• 17/04/2021

O Big Brother Brasil e o Lugar de Fala: diálogo ou cancelamento?

Lucas Alves de Camargo

A edição do Big Brother Brasil de 2021 acendeu uma enorme discussão nas redes. Figuras públicas reconhecidas como lideranças no posicionamento em favor do direito das minorias e na luta pela democratização dos espaços e discursos estão sendo desconstruídas pelas suas próprias atitudes. Nessa nova realidade, na qual canceladores são cancelados, uma nova discussão se coloca diante de todos nós: Ser negro (a) ou ter uma origem pobre dá a alguém autoridade para falar sobre racismo ou a desigualdade? Ou ainda, ser negro (a) ou ter uma origem pobre confere ao indivíduo o privilégio de julgar ou zombar de outra pessoa a respeito de sua cor ou classe social?     

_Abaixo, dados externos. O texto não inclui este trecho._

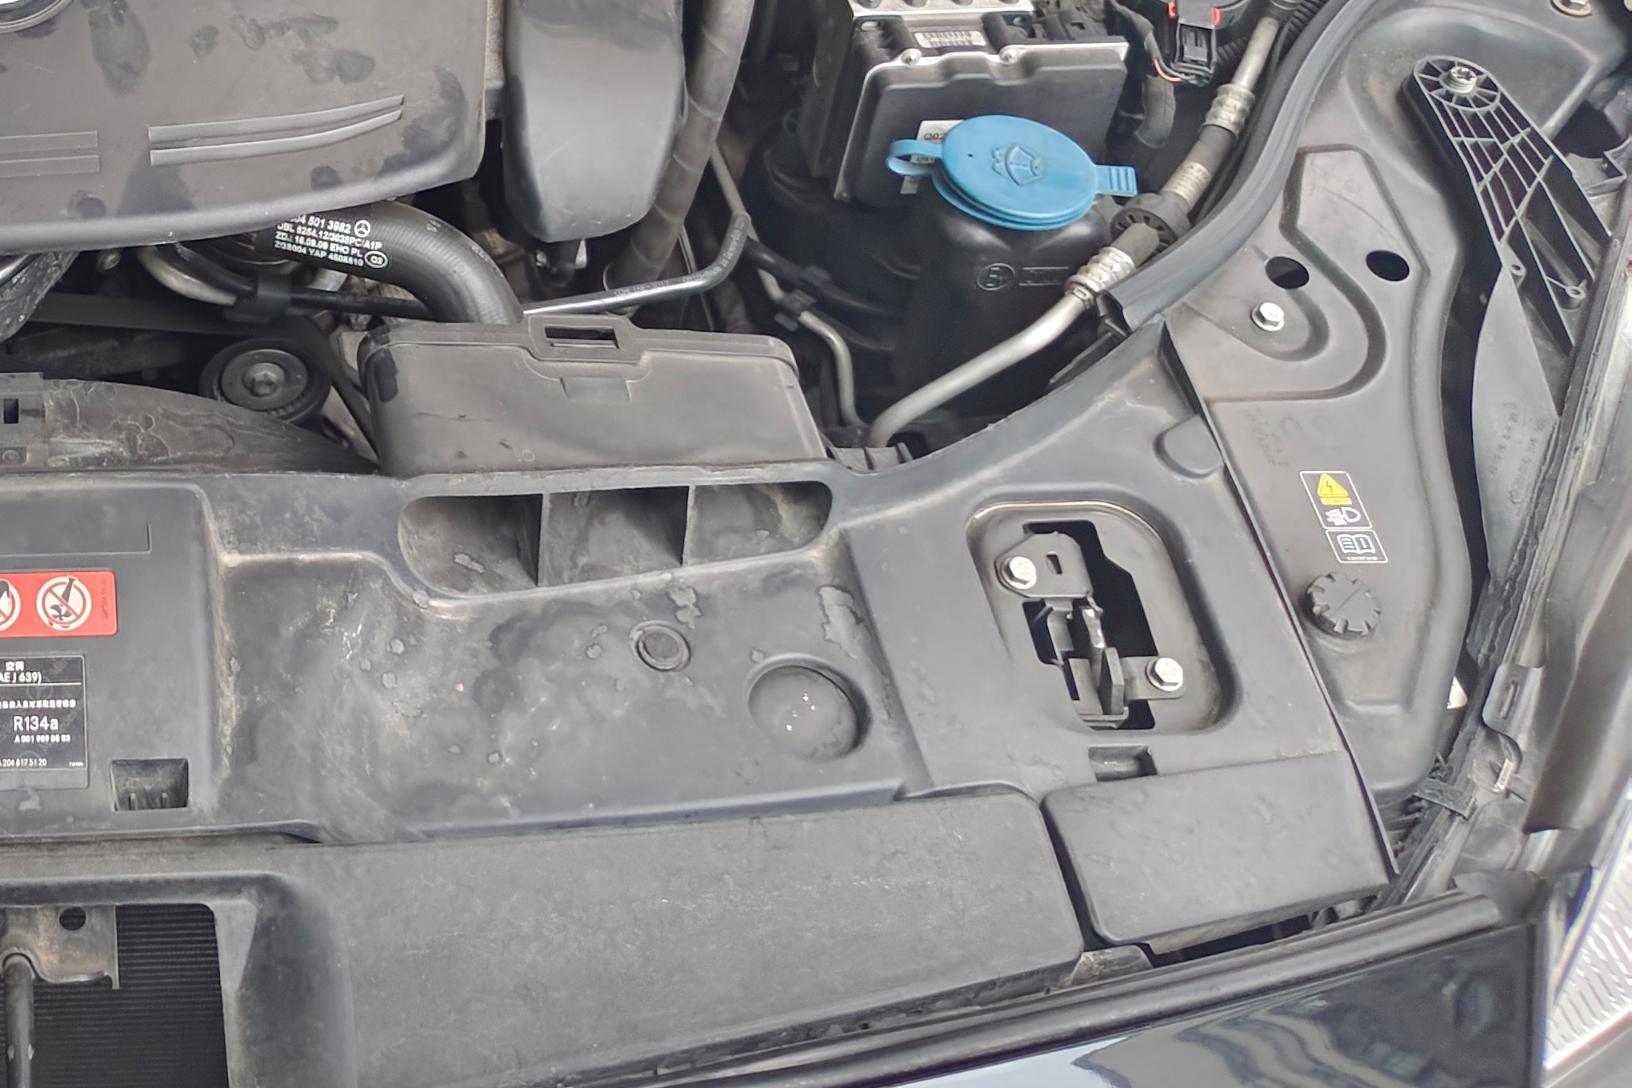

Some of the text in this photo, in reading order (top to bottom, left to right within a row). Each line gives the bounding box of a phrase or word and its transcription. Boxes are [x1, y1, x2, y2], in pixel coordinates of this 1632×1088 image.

[12, 672, 17, 683] J
[18, 671, 43, 684] 639)
[13, 715, 59, 731] R134a
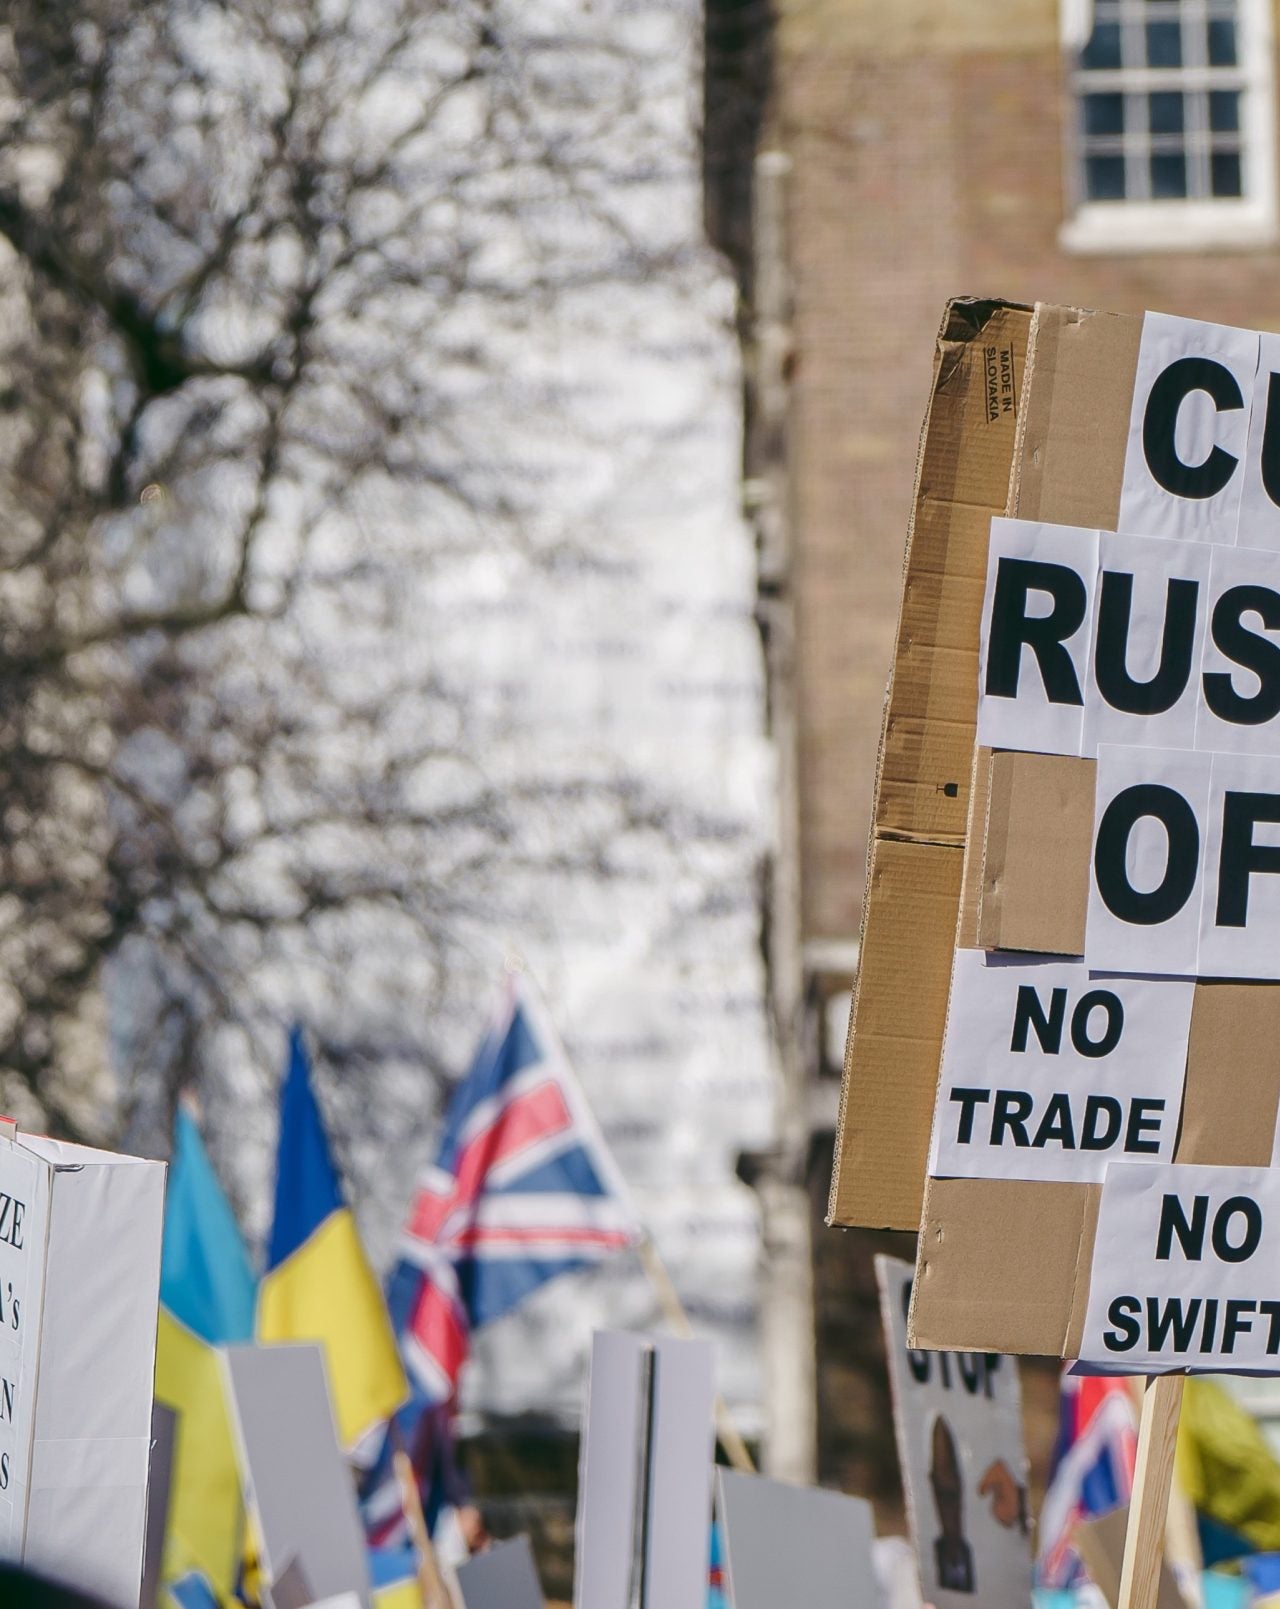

De acordo com Djamila Ribeiro, pesquisadora do campo da filosofia política, o lugar de fala é formado pelo espaço de cada um no interior das relações sociais, diz respeito a sua cor, classe social, gênero e local onde vivencia suas experiências: é o espaço que a pessoa ocupa no interior das muitas relações que vive. Todas as pessoas possuem lugar de fala e alguns grupos experimentam mais situações de injustiça ou desigualdade que outros, assim, os negros possuem um lugar de fala sobre o racismo, pois eles experimentam coletivamente as injustiças do racismo em seu cotidiano. Normalmente, as falas dos grupos privilegiados possuem maior amplitude, inclusive quando dizem respeito a temas que essas pessoas não vivenciam, como o racismo. Por esse motivo, respeitar todas as falas e entender o ponto de vista das pessoas a partir das experiências delas tornam-se atitudes fundamentais.

Mas como evidenciado no comportamento de alguns participantes do BBB, há um porém: estar inserido no interior de uma realidade social excludente, desigual ou injusta, seja pela sua cor, classe social ou gênero, não lhe dá autoridade ou privilégios no diálogo sobre a desigualdade, racismo ou o machismo, mas sim, confere ao sujeito um ponto de vista sobre aquela situação. Deste modo, uma mulher sempre terá um ponto de vista especifico sobre o machismo estrutural, pois ele está presente em situações que vivencia, como uma “cantada” no interior de um transporte público, mas ser esse o seu lugar de fala não confere a uma mulher exclusividade no diálogo sobre o machismo, do mesmo modo, ser pertencente a uma realidade desigual ou excludente não dá o privilégio para que um sujeito julgue ou zombe de outro que também viva essa realidade, como quando um negro diz que o outro “não é tão negro” ou quando uma mulher diz que uma outra “está com frescura ou exagerando” ao denunciar um abuso sofrido.

Assim, lugar de fala diz respeito a necessidade de diálogo e de valorização de todas as falas e não sobre quem tem o direito ou o privilégio de falar sobre algo enquanto vanguarda ou porta-voz. A confusão acontece por que algumas pessoas, por benefício próprio, parecem buscar a promoção pessoal através do silenciamento do outro, e para isso, se colocam como autoridade em assuntos que lhe dizem respeito, nessas situações, cancelar uma fala torna-se sinônimo de agressão e não de representatividade, atitude que em nada contribui para a democratização das falas.

** Lucas Alves de Camargo possui bacharelado e licenciatura em “História”, lato sensu em “História, Sociedade e Cultura”, mestrado em “História Social”, titulações conferidas pela PUC-SP; especialização em Gestão Pública pela UNIFESP e licenciatura em Pedagogia pela UNINOVE. Pesquisou a formação do movimento de Direitos Humanos da cidade de Osasco, entre os anos de 1977-1985.